Other countries have been less willing to go as far as Britain. German Chancellor Angela Merkel said over the weekend that restrictions would remain in place until more people were vaccinated. Dutch Prime Minister Mark Rutte said last week that his government had lifted restrictions too soon and that he had reimposed some measures because of an increase in infections. And on Monday, in a blow to the U.K., the U.S. Centers for Disease Control and Prevention warned Americans against travelling to Britain because of the surge of COVID-19 cases there.

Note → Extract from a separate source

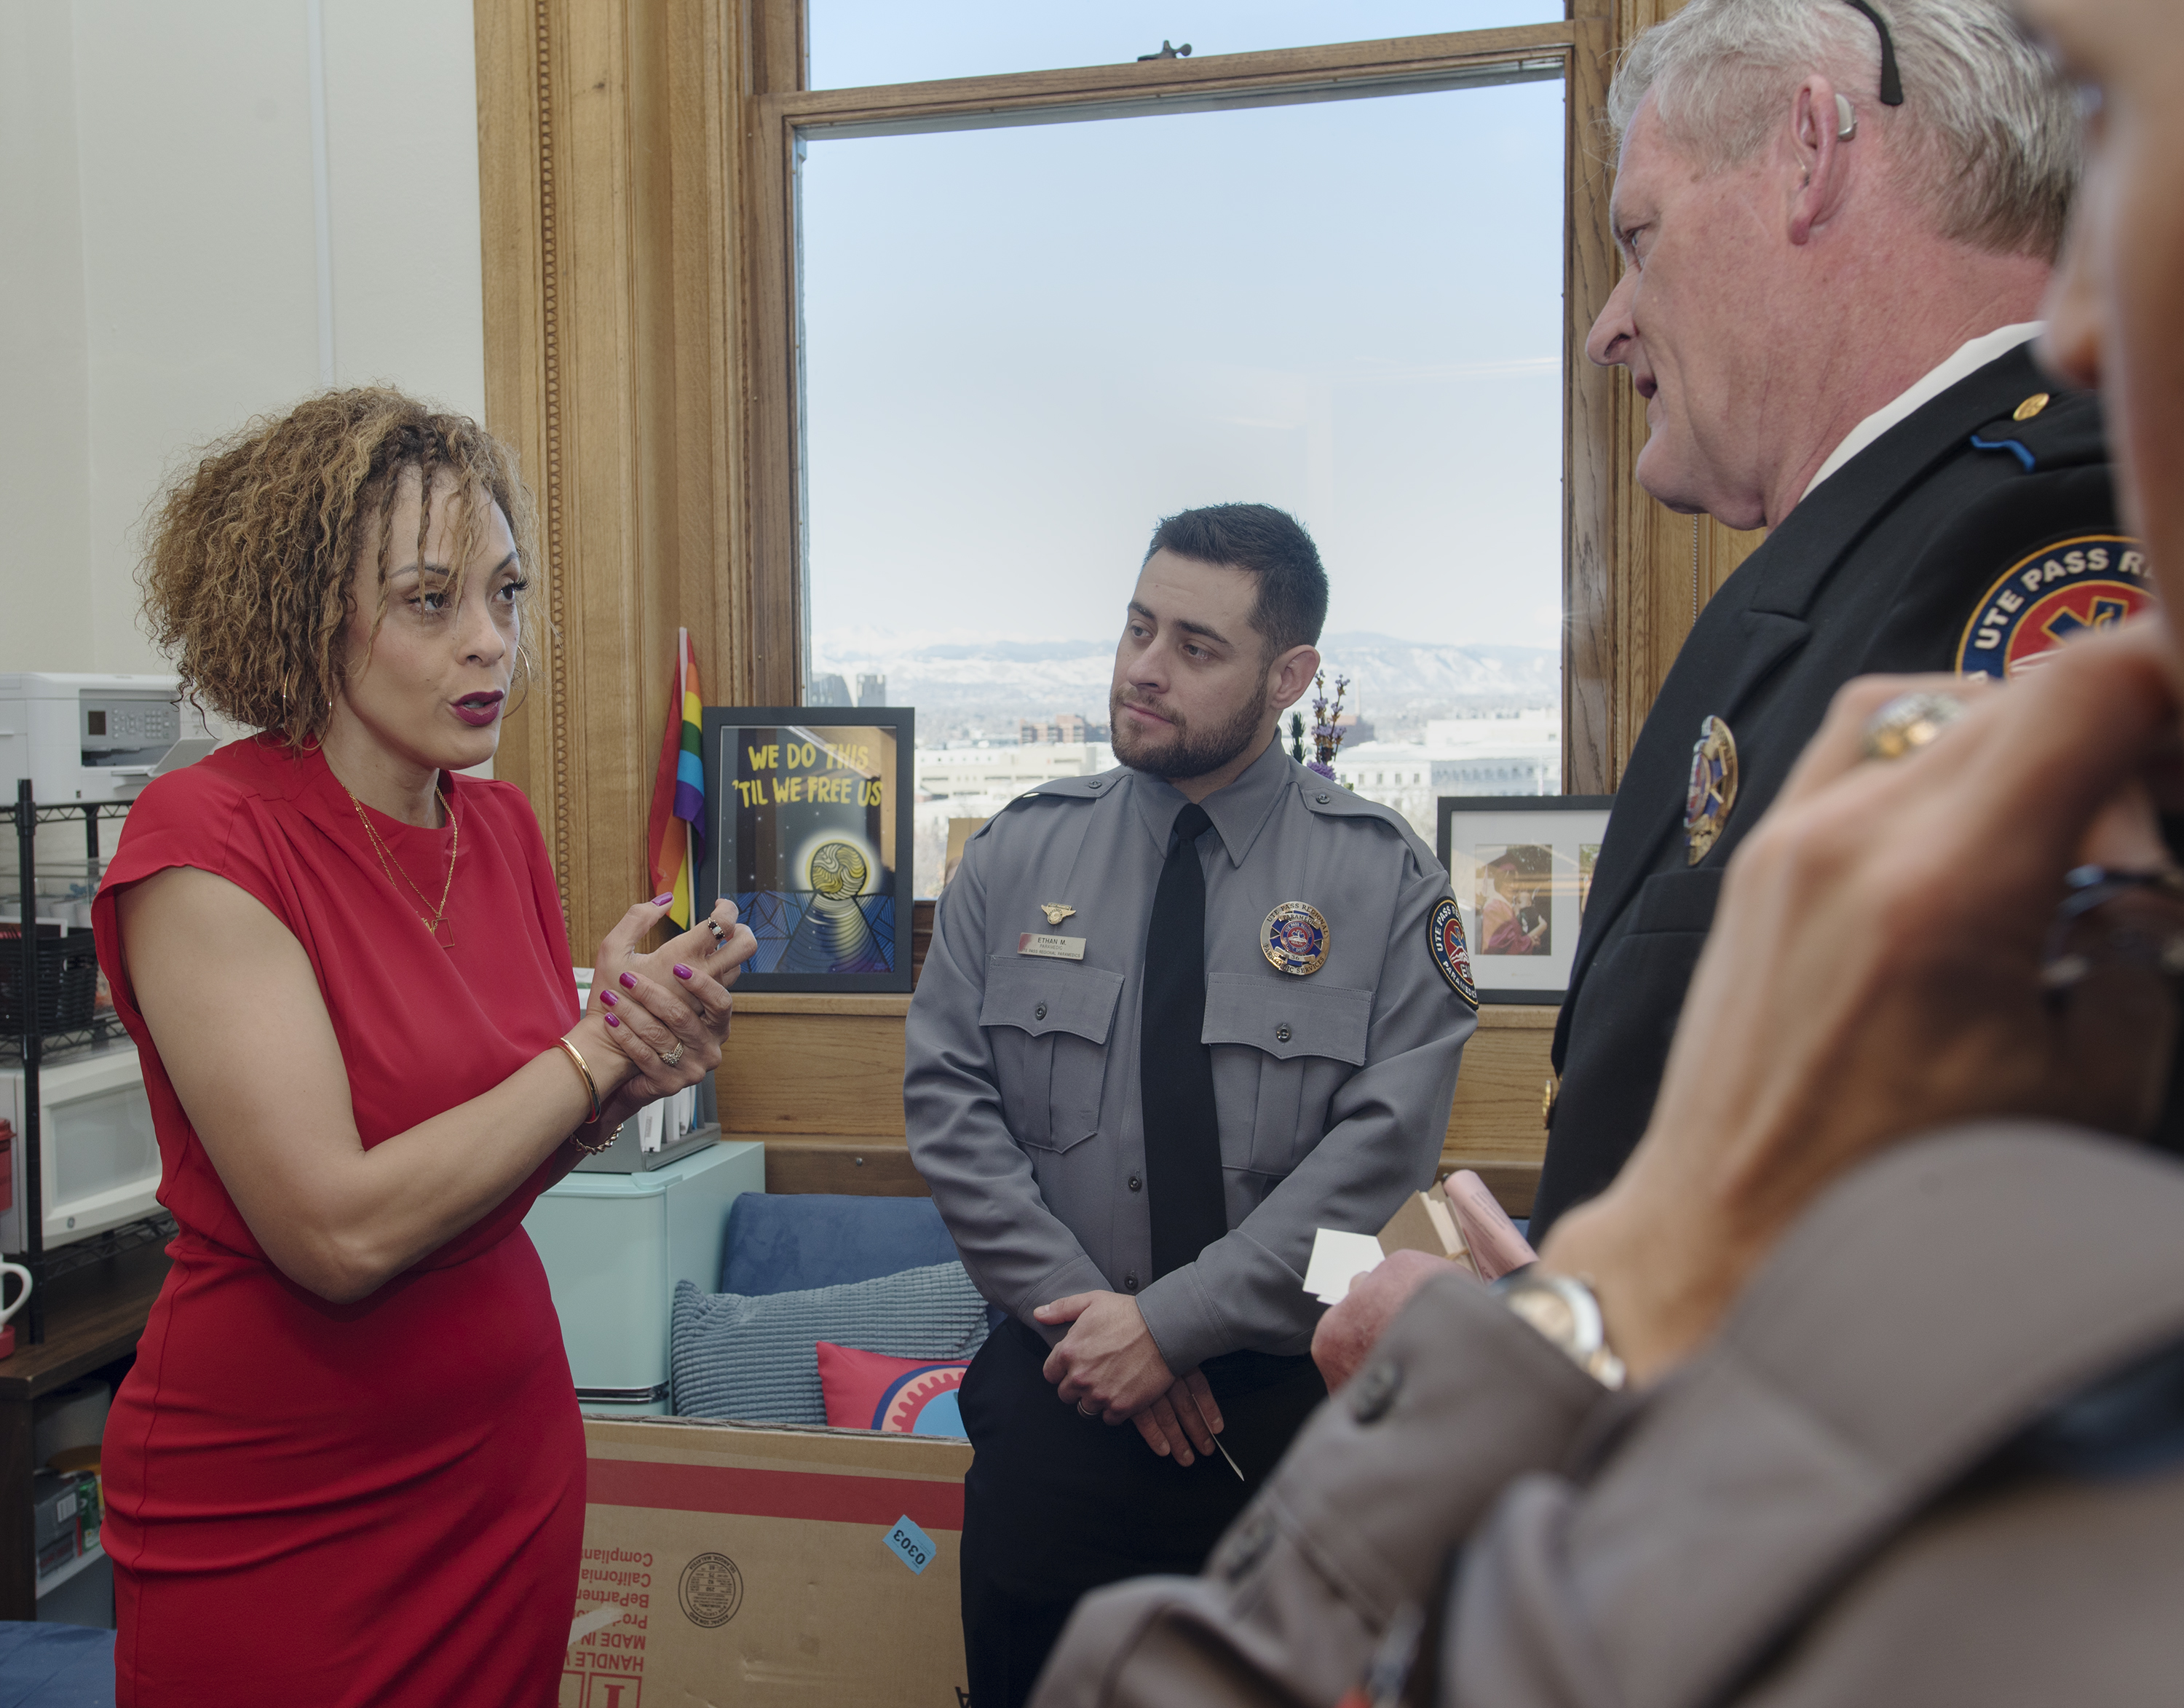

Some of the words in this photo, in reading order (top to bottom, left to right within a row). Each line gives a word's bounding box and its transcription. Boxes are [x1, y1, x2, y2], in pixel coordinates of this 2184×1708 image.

Britain is also taking a different approach to vaccinating children. While Canada and several other countries have cleared the way for everyone between the ages of 12 and 18 to be immunized, Britain’s vaccine deployment minister, Nadhim Zahawi, said Monday that only some children will be inoculated. Vaccinations will be offered to teenagers with neurodisabilities, such as Down’s syndrome, as well as those who live with an immunosuppressed person.

Jeremy Brown, a government adviser and professor of respiratory infection at University College London, said the decision was based largely on the fact that most children do not become severely ill with COVID-19. He also cited Britain’s high level of vaccine uptake.